▼
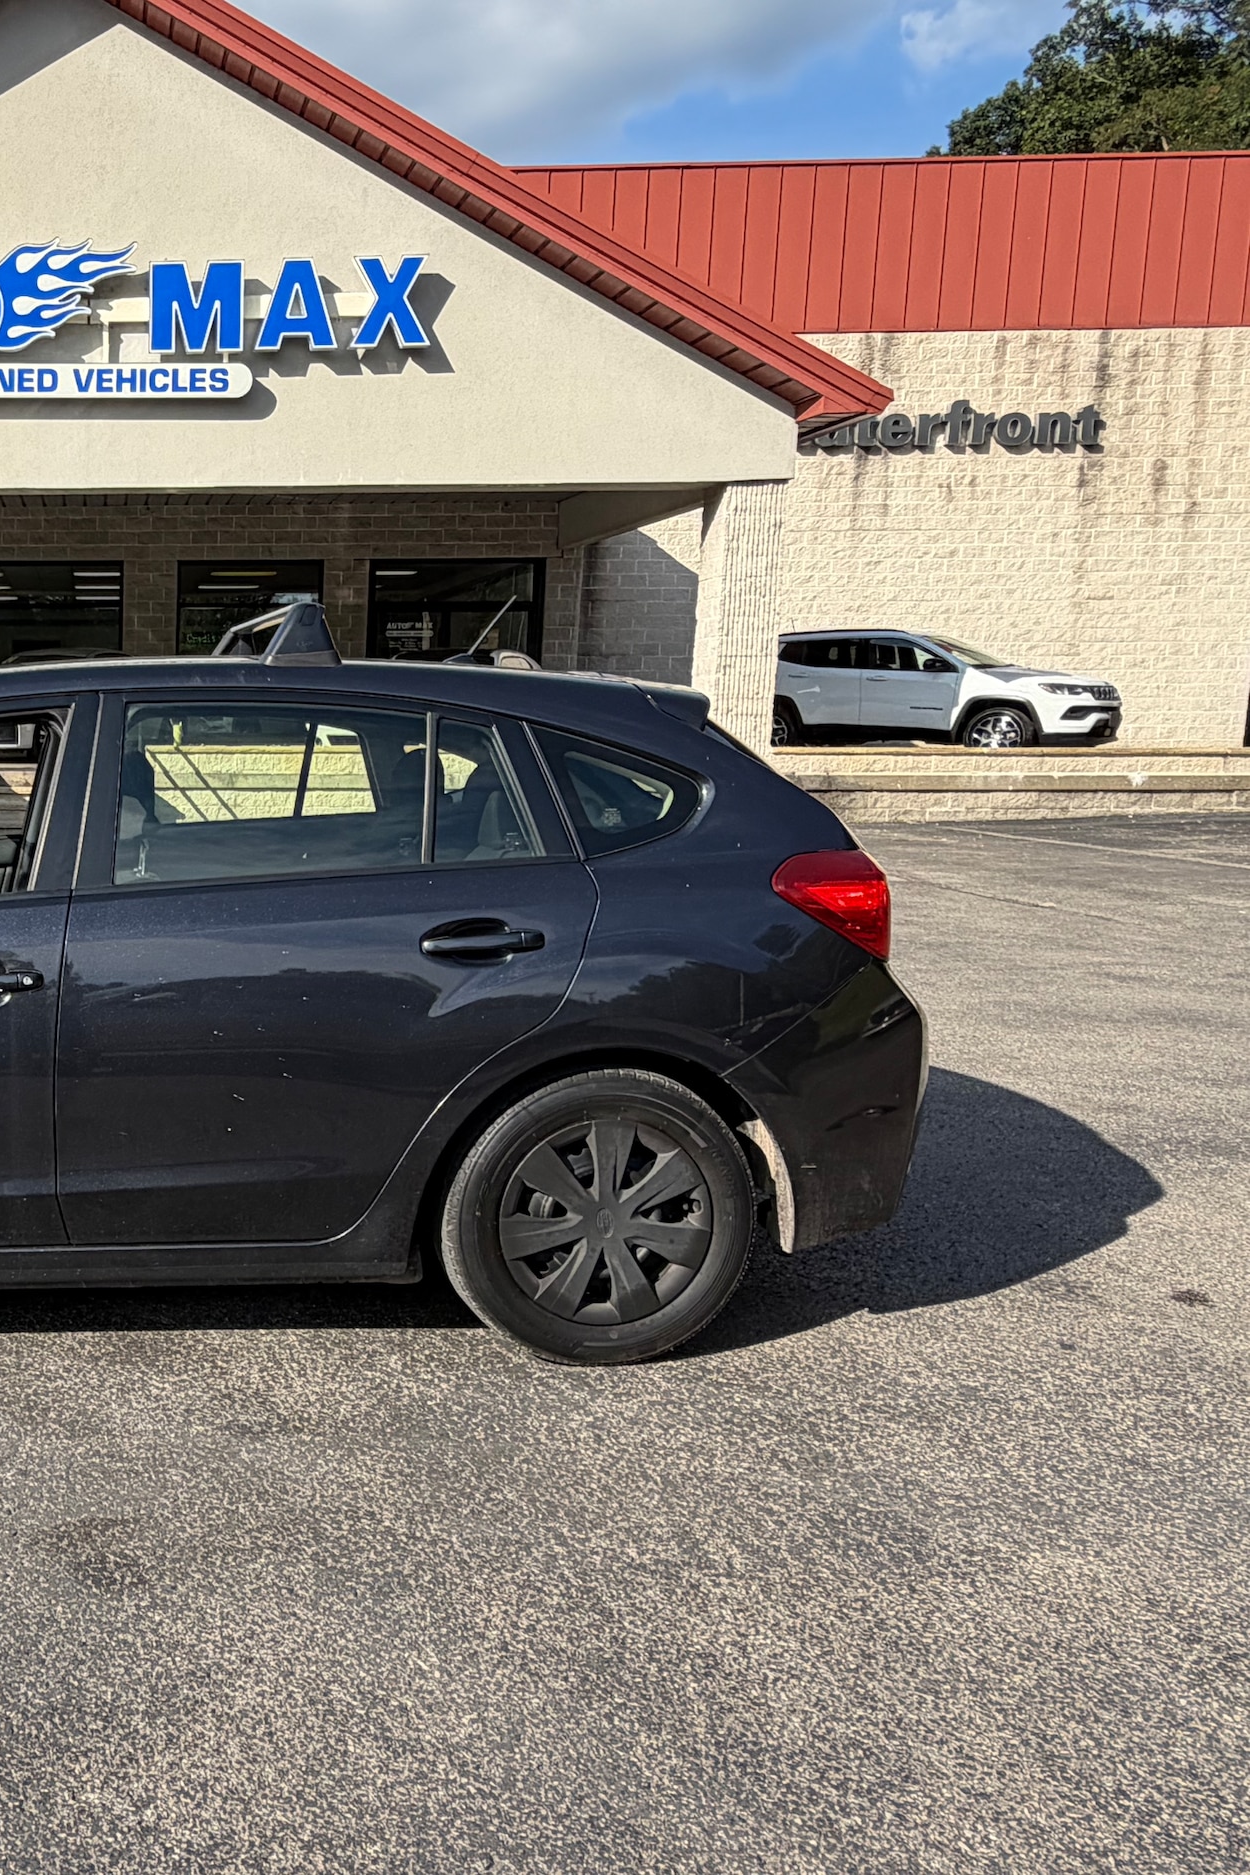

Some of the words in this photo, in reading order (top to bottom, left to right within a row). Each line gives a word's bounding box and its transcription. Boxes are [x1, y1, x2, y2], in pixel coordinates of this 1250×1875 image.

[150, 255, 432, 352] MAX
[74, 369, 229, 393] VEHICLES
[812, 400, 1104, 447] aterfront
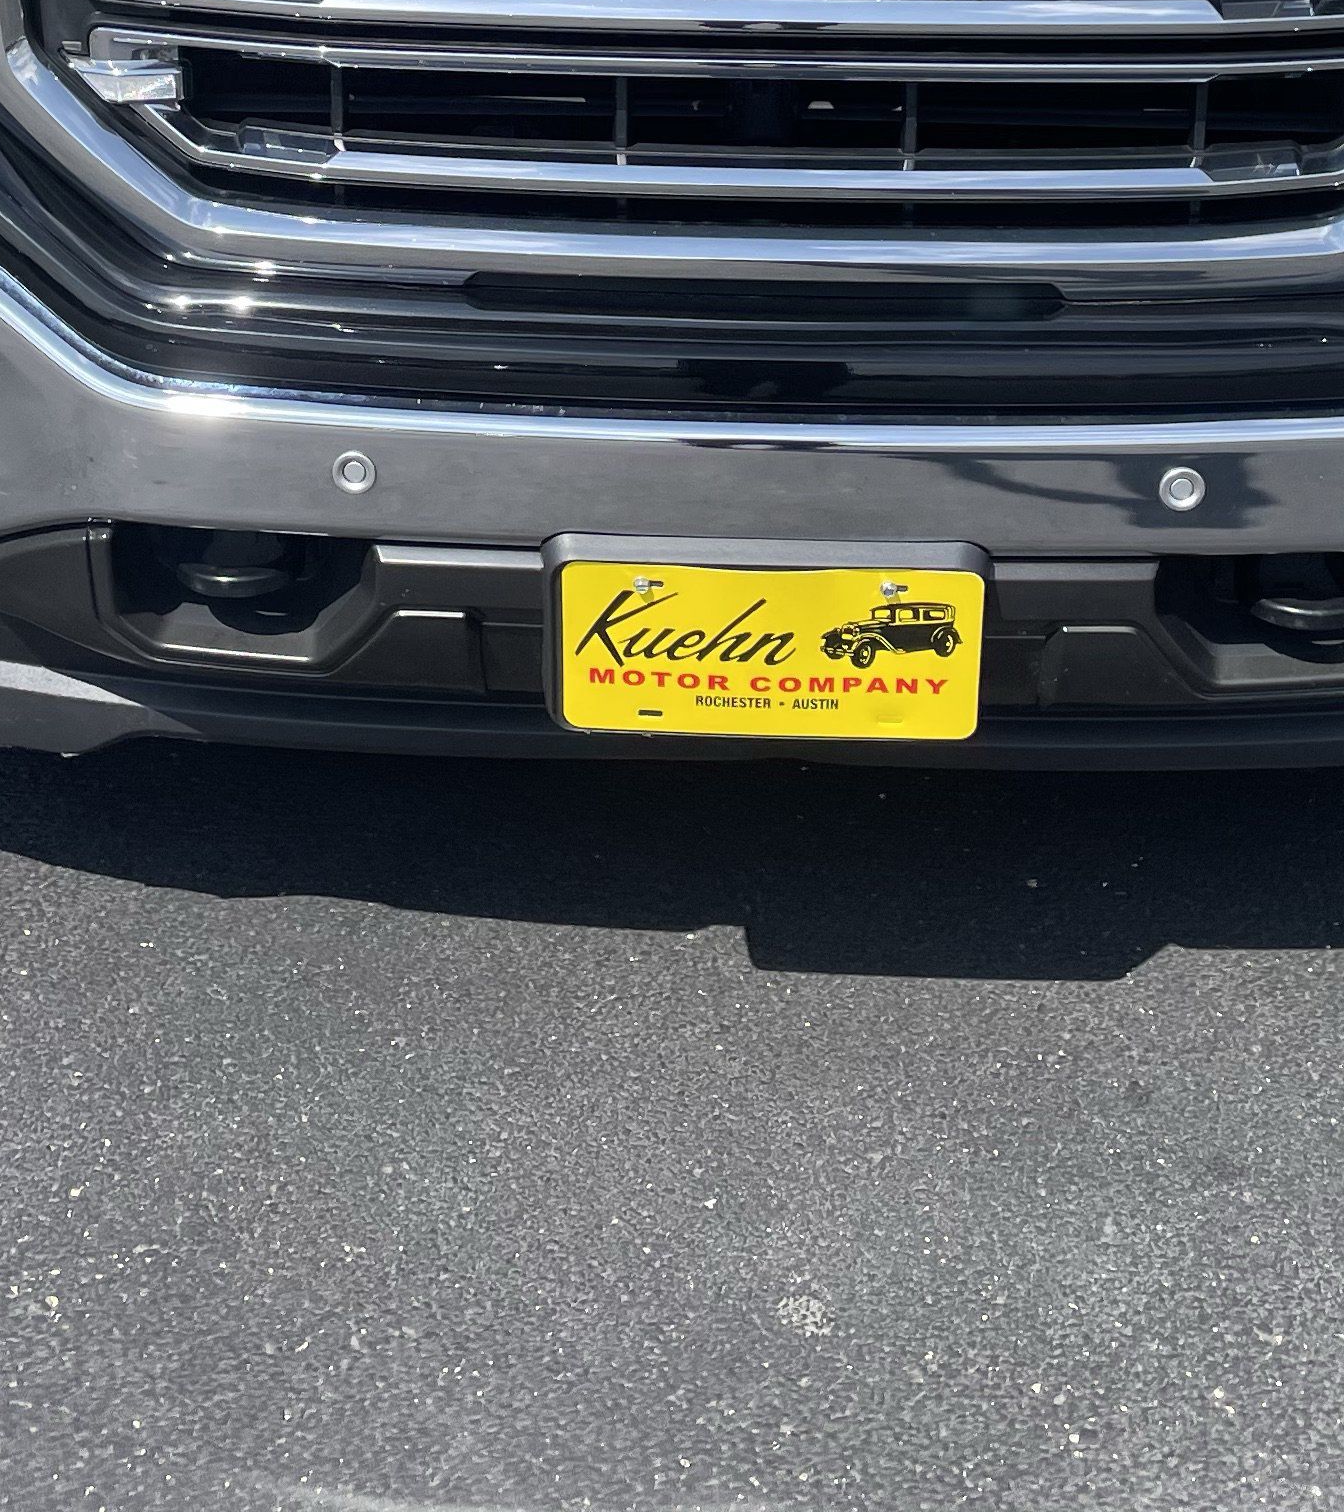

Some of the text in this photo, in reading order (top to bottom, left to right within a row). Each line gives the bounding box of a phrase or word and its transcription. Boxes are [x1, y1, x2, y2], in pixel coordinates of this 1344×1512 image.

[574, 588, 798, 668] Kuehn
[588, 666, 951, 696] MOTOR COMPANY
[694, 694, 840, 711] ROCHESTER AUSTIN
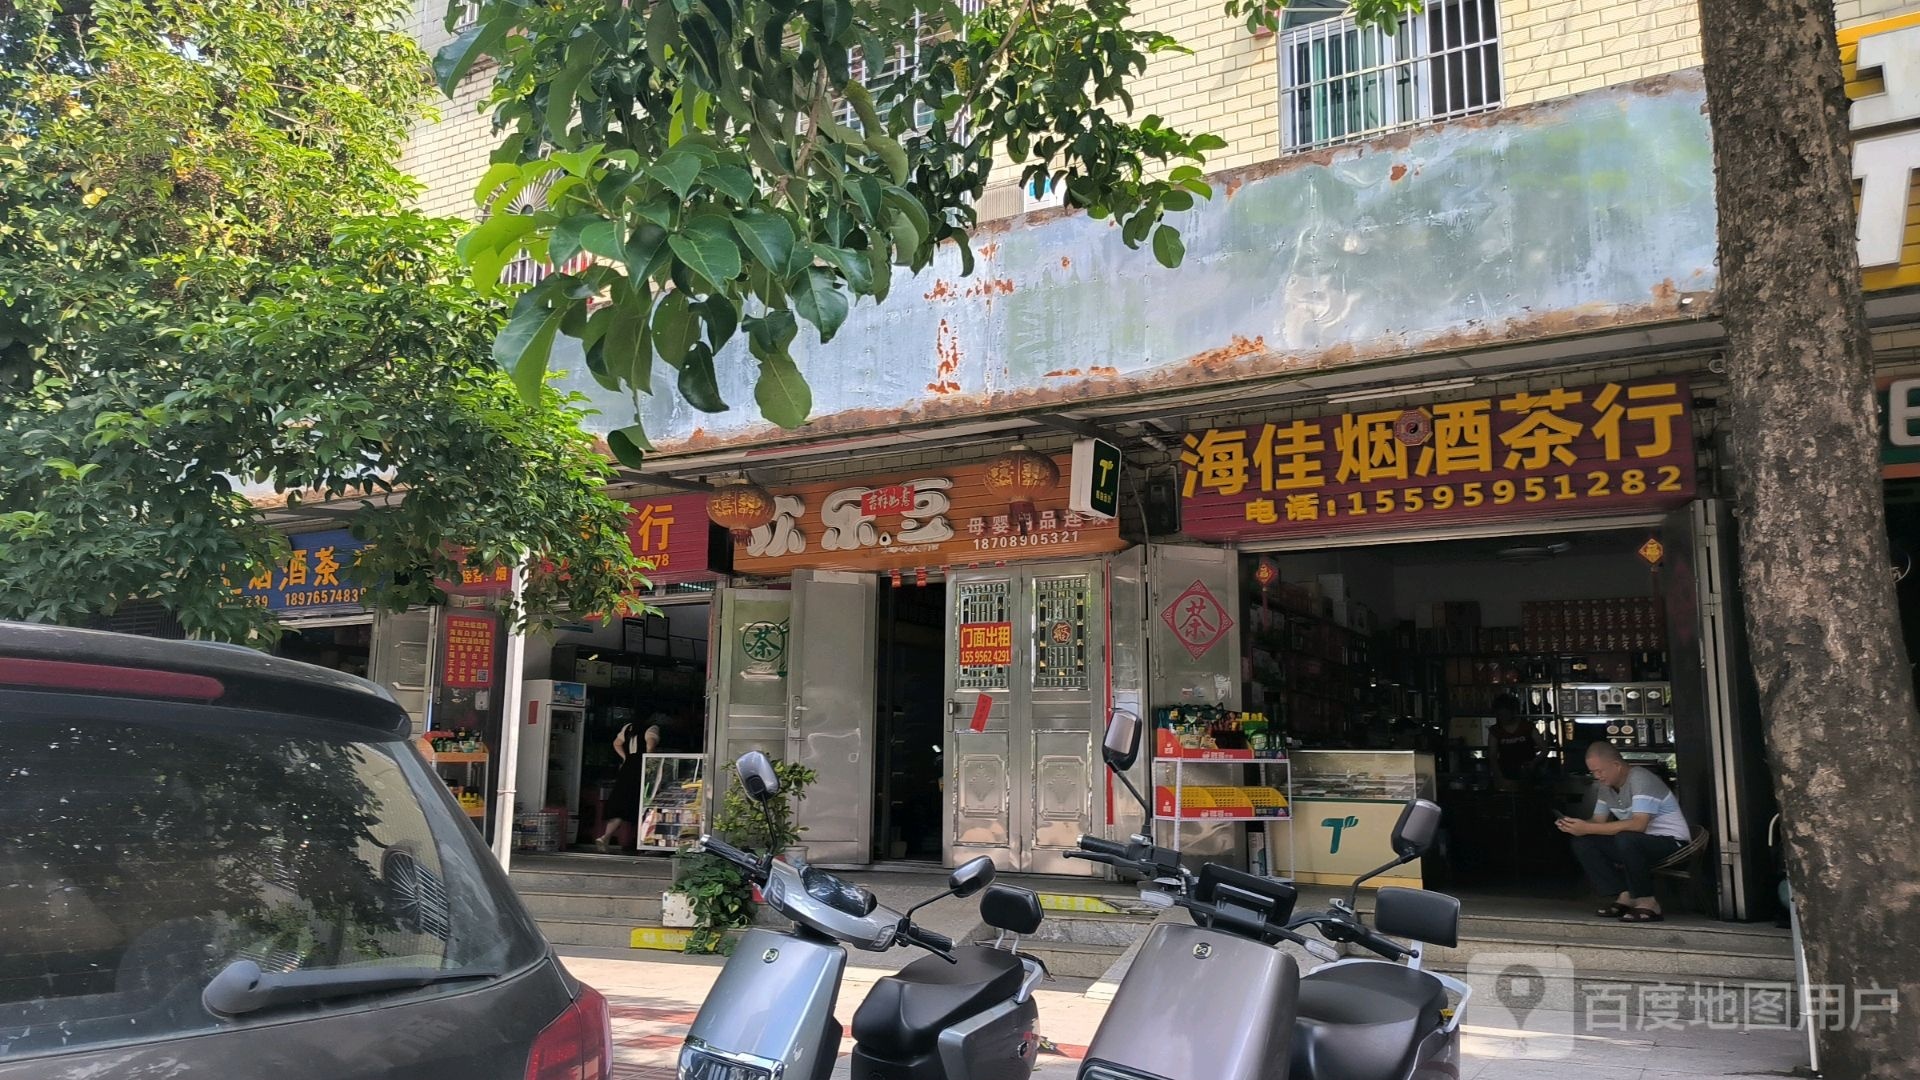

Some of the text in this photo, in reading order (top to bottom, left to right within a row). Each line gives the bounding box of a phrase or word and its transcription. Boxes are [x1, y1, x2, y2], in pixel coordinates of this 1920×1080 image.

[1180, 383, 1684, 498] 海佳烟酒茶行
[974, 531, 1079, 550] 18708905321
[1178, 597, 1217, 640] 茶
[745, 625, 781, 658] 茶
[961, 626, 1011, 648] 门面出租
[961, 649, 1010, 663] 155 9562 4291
▲
Set the material above down again word for word. Include none of its pictures.

* [RESULT OF THIS TASK]:
Some of the words in this photo, in reading order (top to bottom, left to right within a row). Each line gives a word's bounding box and its transcription. Boxes are [x1, y1, x2, y2], in pixel coordinates of this 1250×1875 image.

[150, 255, 432, 352] MAX
[74, 369, 229, 393] VEHICLES
[812, 400, 1104, 447] aterfront

Some of the text in this photo, in reading order (top to bottom, left to right within a row). Each line gives the bounding box of a phrase or word and its transcription. Boxes are [x1, y1, x2, y2], in pixel coordinates of this 1344×1512 image.

[574, 588, 798, 668] Kuehn
[588, 666, 951, 696] MOTOR COMPANY
[694, 694, 840, 711] ROCHESTER AUSTIN

Some of the text in this photo, in reading order (top to bottom, left to right within a row). Each line gives the bounding box of a phrase or word and its transcription. Boxes are [x1, y1, x2, y2], in pixel coordinates of this 1920×1080 image.

[1180, 383, 1684, 498] 海佳烟酒茶行
[974, 531, 1079, 550] 18708905321
[1178, 597, 1217, 640] 茶
[745, 625, 781, 658] 茶
[961, 626, 1011, 648] 门面出租
[961, 649, 1010, 663] 155 9562 4291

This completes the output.